[Text-to-region grounding data]
========================================================================
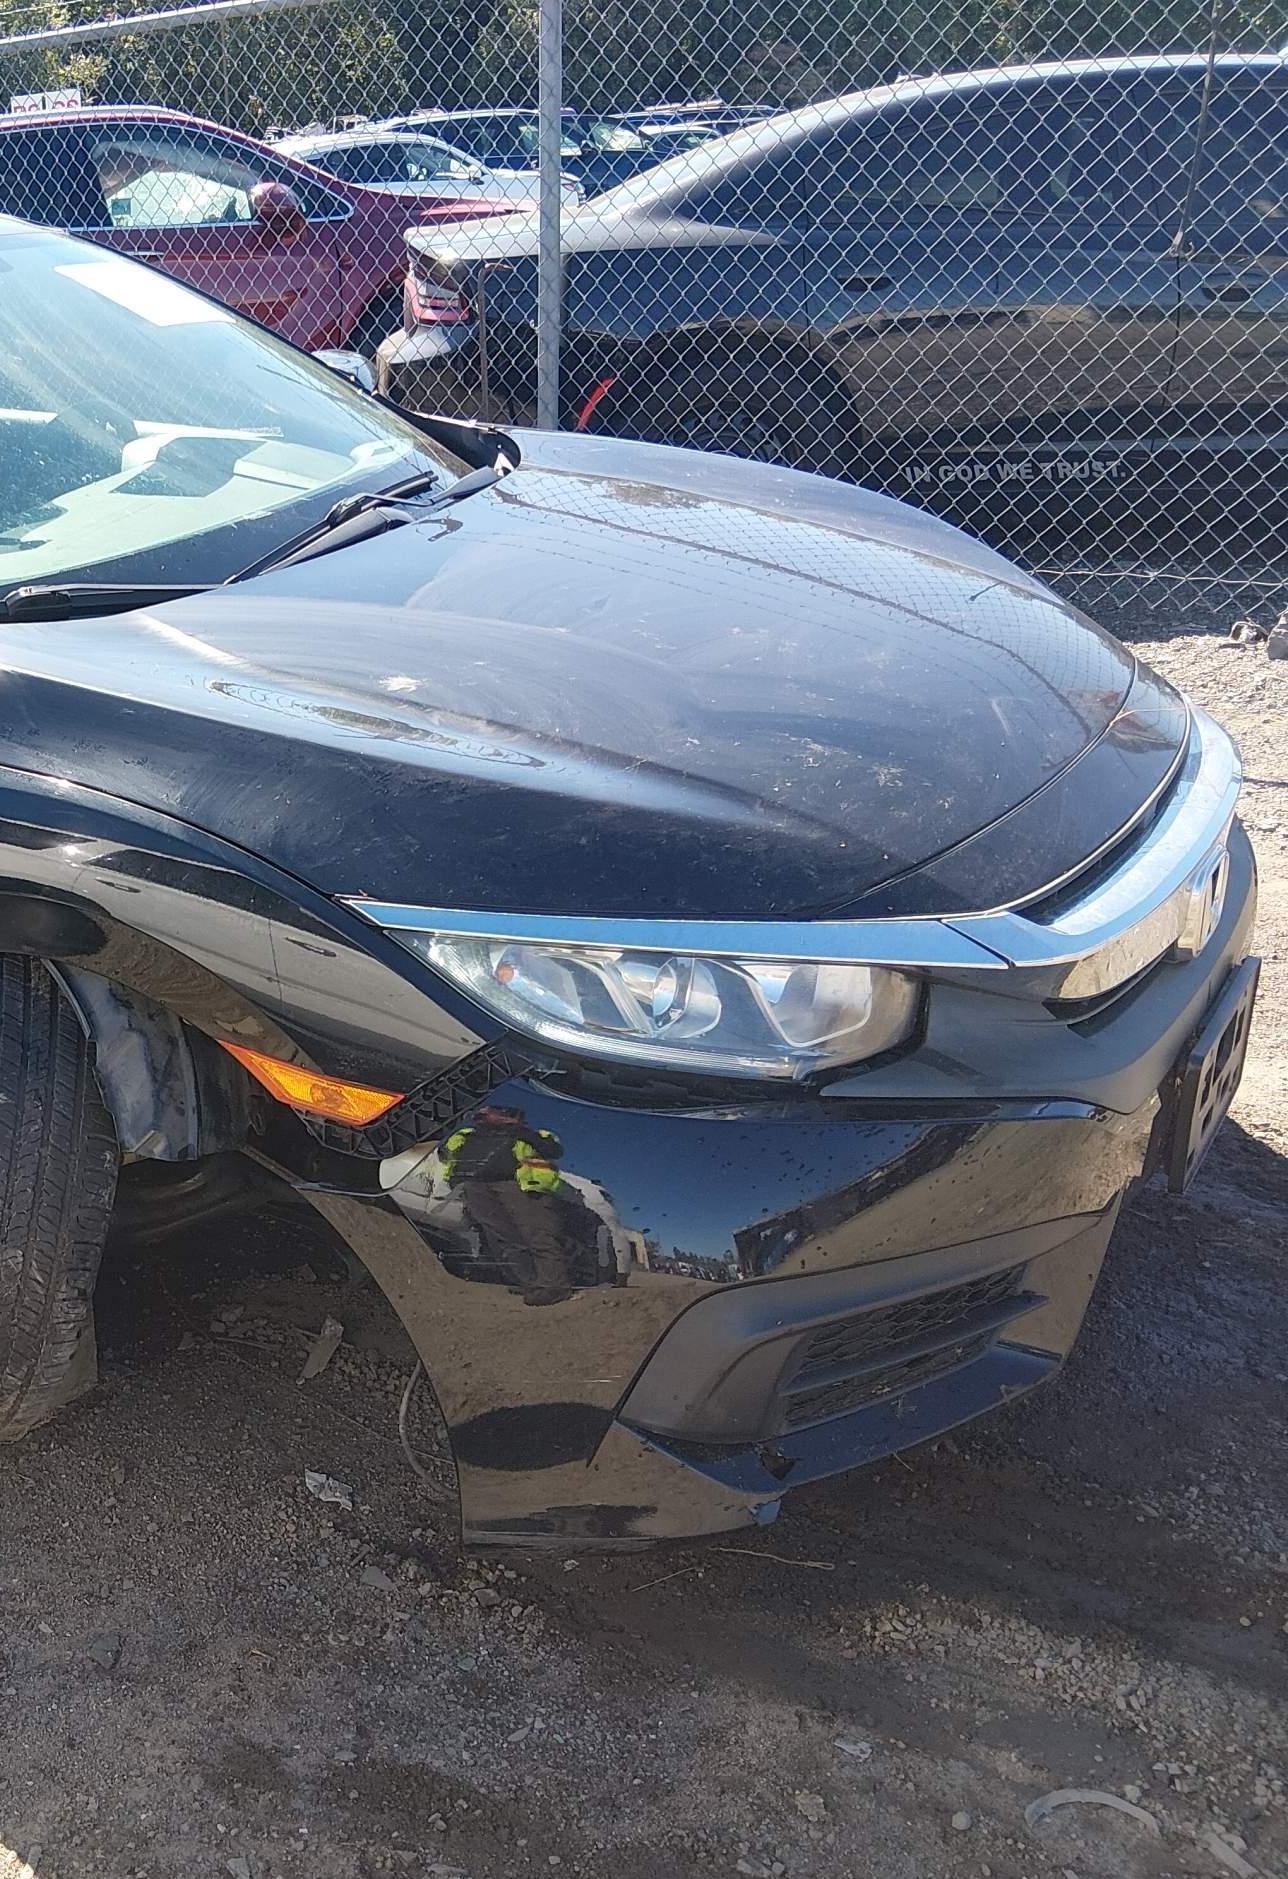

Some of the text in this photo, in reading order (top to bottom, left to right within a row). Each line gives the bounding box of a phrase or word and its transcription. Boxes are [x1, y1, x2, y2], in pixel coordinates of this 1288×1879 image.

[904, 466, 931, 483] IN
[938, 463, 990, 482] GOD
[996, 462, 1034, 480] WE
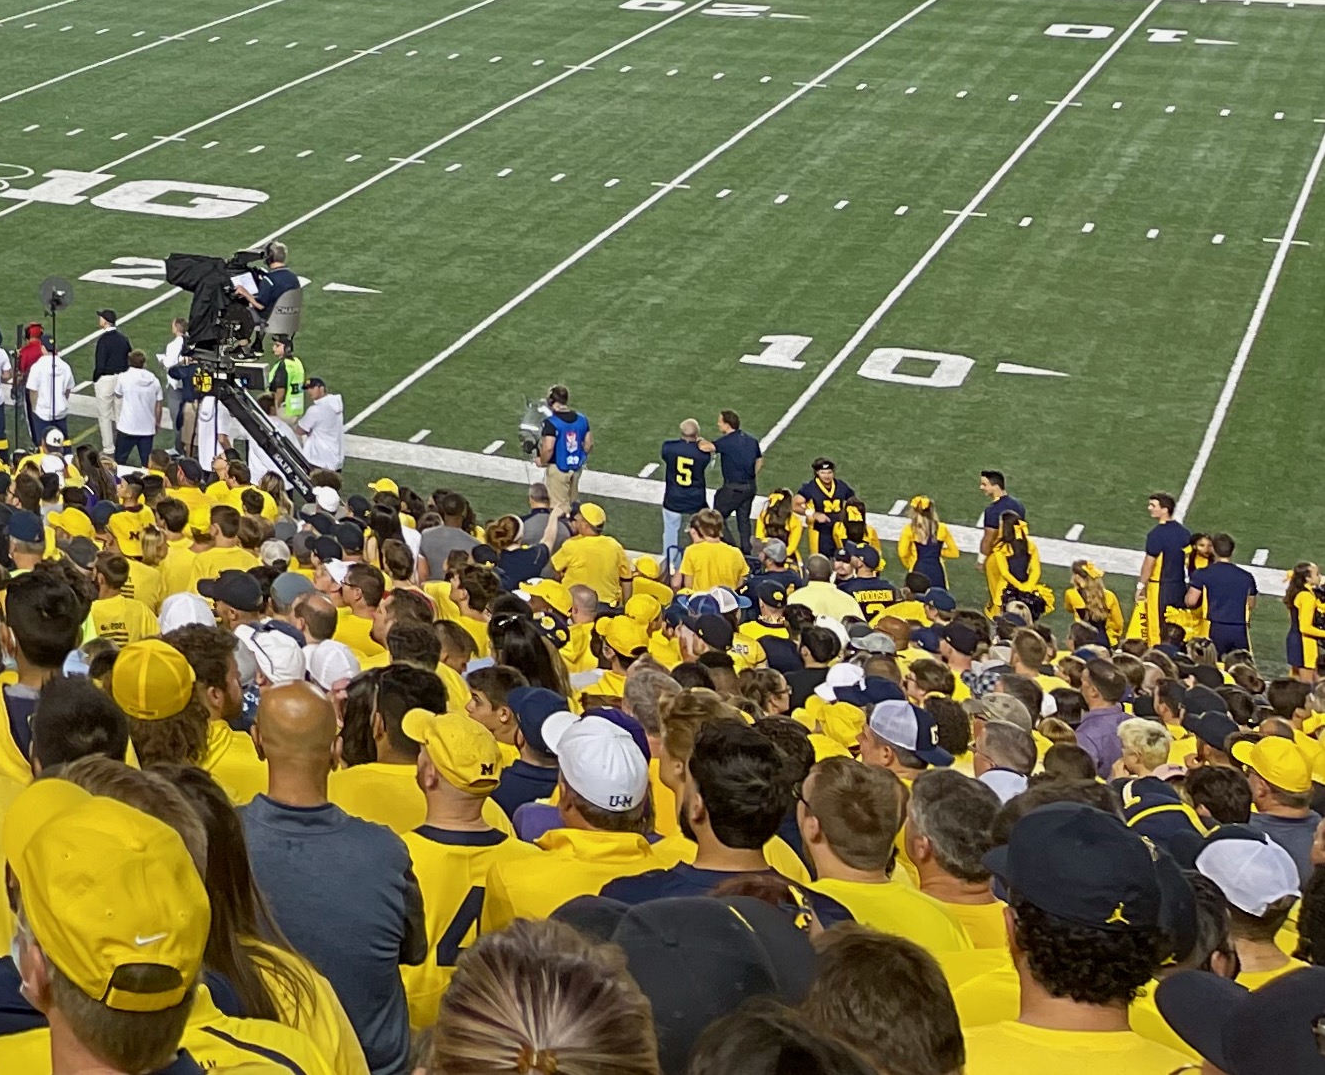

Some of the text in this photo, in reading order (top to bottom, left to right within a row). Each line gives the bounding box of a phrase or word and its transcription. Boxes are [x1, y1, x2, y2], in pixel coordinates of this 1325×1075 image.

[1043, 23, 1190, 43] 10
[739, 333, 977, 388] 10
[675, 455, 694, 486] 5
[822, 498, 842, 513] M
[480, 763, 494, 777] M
========================================================================
Your assignment -
Retype the lines above without alteration. The first is the one containing "this 1325×1075 image.", and the last is the final line of the data.

Exercise result -
Some of the text in this photo, in reading order (top to bottom, left to right within a row). Each line gives the bounding box of a phrase or word and its transcription. Boxes are [x1, y1, x2, y2], in pixel coordinates of this 1325×1075 image.

[1043, 23, 1190, 43] 10
[739, 333, 977, 388] 10
[675, 455, 694, 486] 5
[822, 498, 842, 513] M
[480, 763, 494, 777] M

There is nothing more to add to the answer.